═══ EXTRACTED DATA
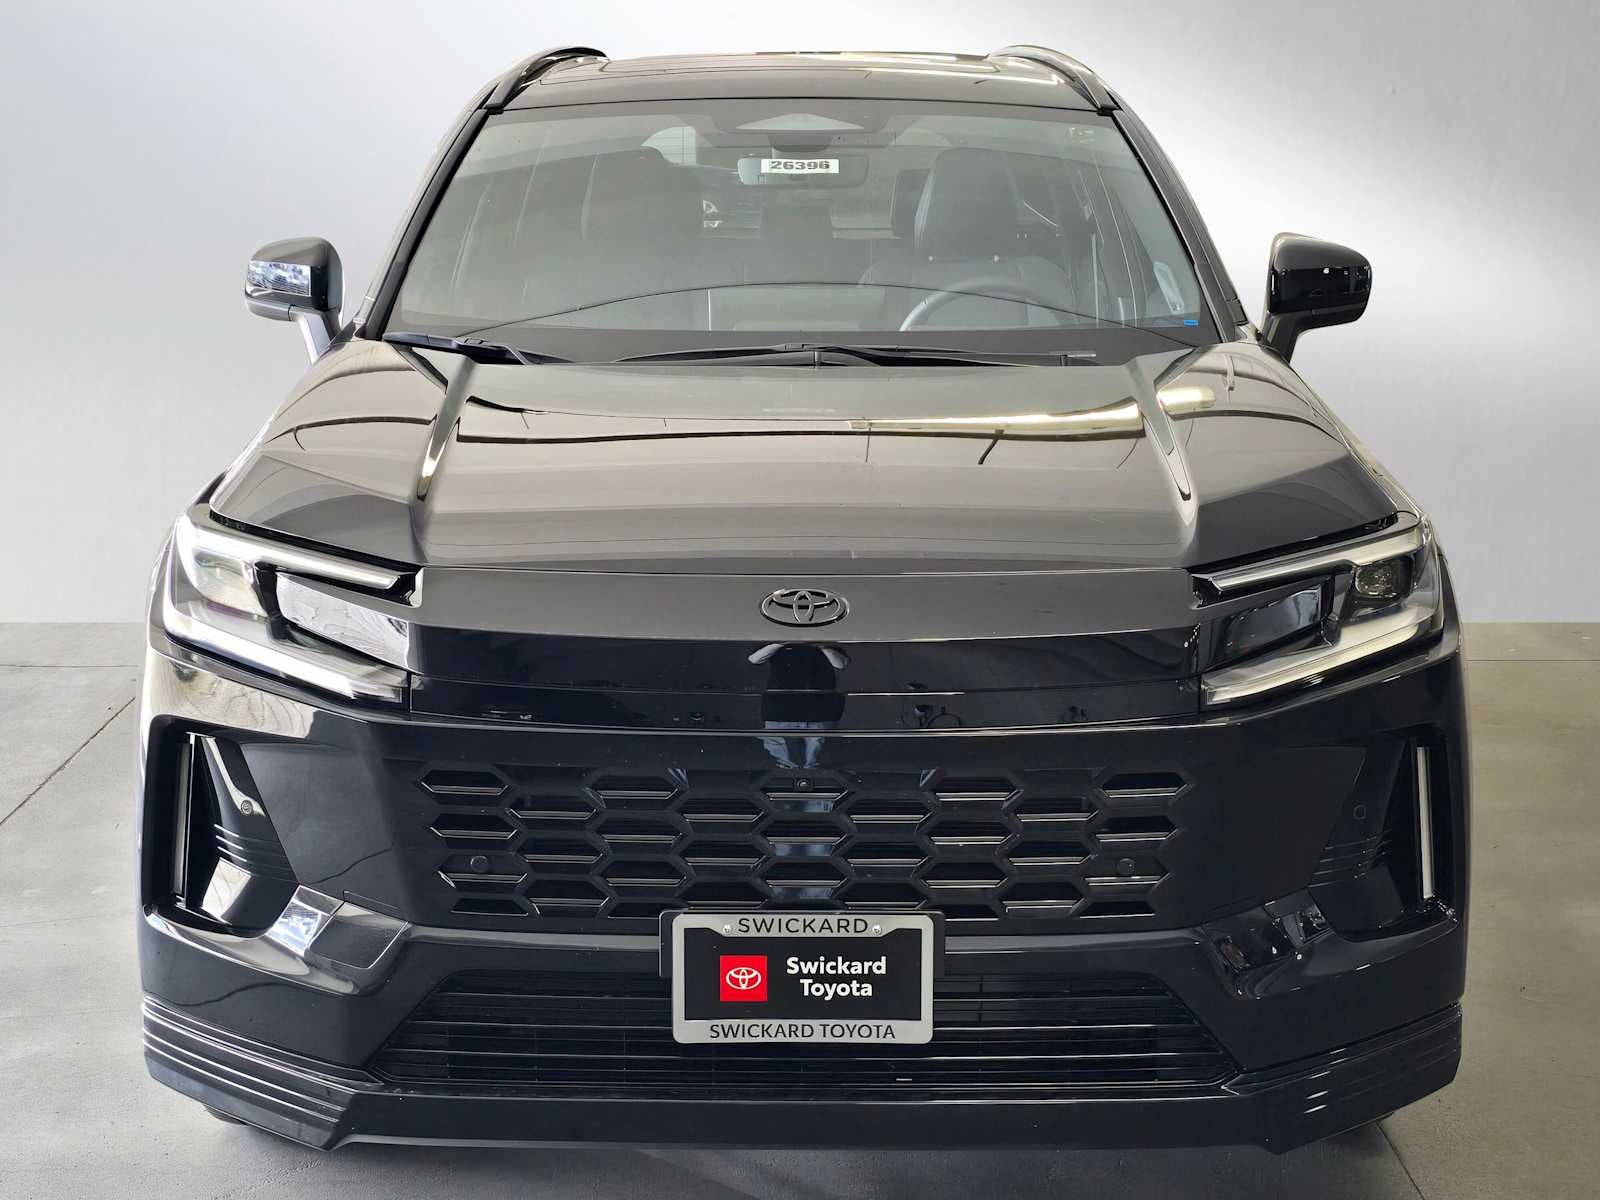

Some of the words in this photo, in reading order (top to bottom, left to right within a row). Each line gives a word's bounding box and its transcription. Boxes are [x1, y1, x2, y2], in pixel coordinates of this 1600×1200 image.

[770, 160, 830, 170] 26396
[737, 918, 868, 933] SWICKARD
[786, 956, 886, 975] Swickard
[800, 979, 873, 1000] Toyota
[709, 1023, 814, 1039] SWICKARD
[819, 1023, 896, 1039] TOYOTA
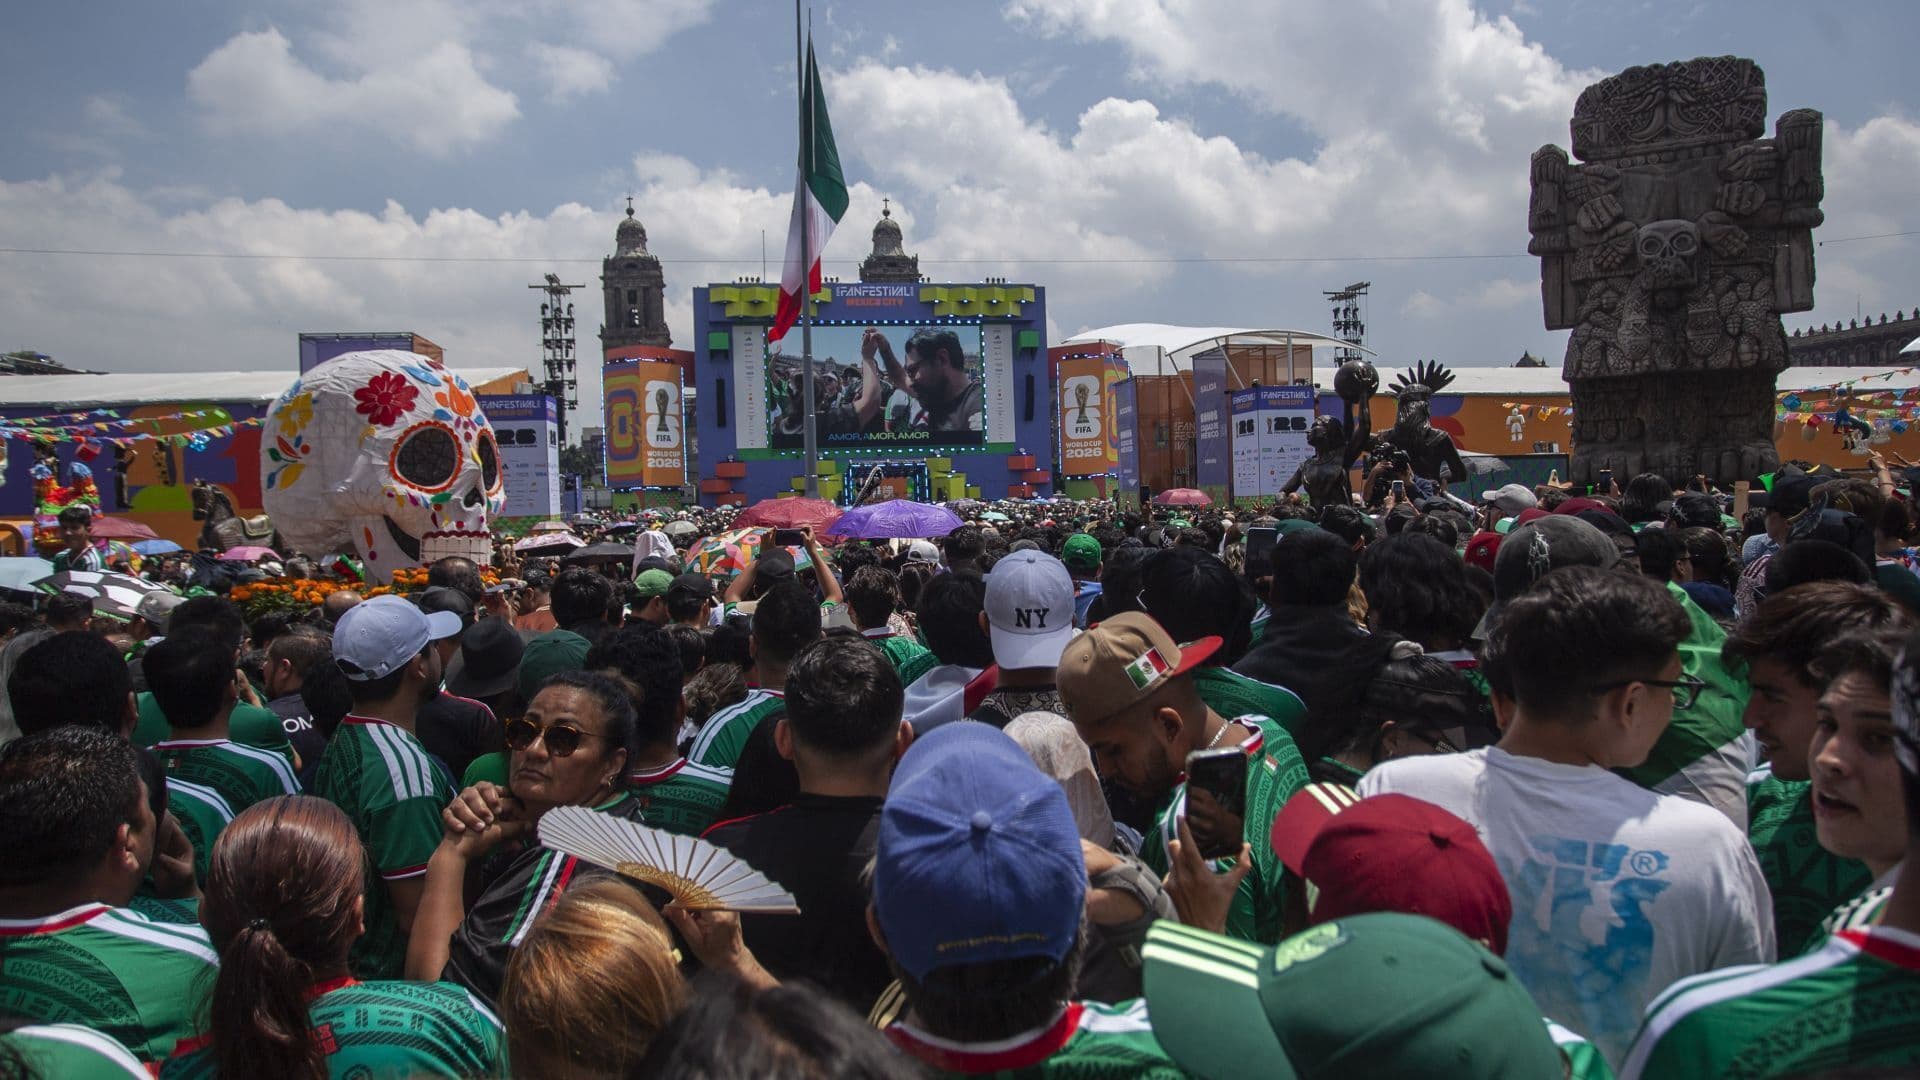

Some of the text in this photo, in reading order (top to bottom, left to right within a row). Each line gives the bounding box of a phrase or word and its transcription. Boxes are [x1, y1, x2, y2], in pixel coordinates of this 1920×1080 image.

[1075, 426, 1092, 434] FIFA
[656, 434, 672, 442] FIFA
[863, 431, 897, 441] AMOR,
[898, 431, 930, 440] AMOR
[1065, 441, 1088, 449] WORLD
[1066, 447, 1102, 459] 2026
[647, 458, 681, 468] 2026
[1015, 607, 1050, 629] NY
══════
__WHAT IS NEEDED__.
Quote the material exactly. Pictures stay out.

__TASK RESULT__.
Some of the words in this photo, in reading order (top to bottom, left to right within a row). Each line gives a word's bounding box and its transcription. Boxes are [x1, y1, x2, y2], in pixel coordinates of this 1600×1200 image.

[770, 160, 830, 170] 26396
[737, 918, 868, 933] SWICKARD
[786, 956, 886, 975] Swickard
[800, 979, 873, 1000] Toyota
[709, 1023, 814, 1039] SWICKARD
[819, 1023, 896, 1039] TOYOTA

Some of the text in this photo, in reading order (top to bottom, left to right within a row). Each line gives the bounding box of a phrase or word and its transcription. Boxes are [x1, y1, x2, y2], in pixel coordinates of this 1920×1080 image.

[1075, 426, 1092, 434] FIFA
[656, 434, 672, 442] FIFA
[863, 431, 897, 441] AMOR,
[898, 431, 930, 440] AMOR
[1065, 441, 1088, 449] WORLD
[1066, 447, 1102, 459] 2026
[647, 458, 681, 468] 2026
[1015, 607, 1050, 629] NY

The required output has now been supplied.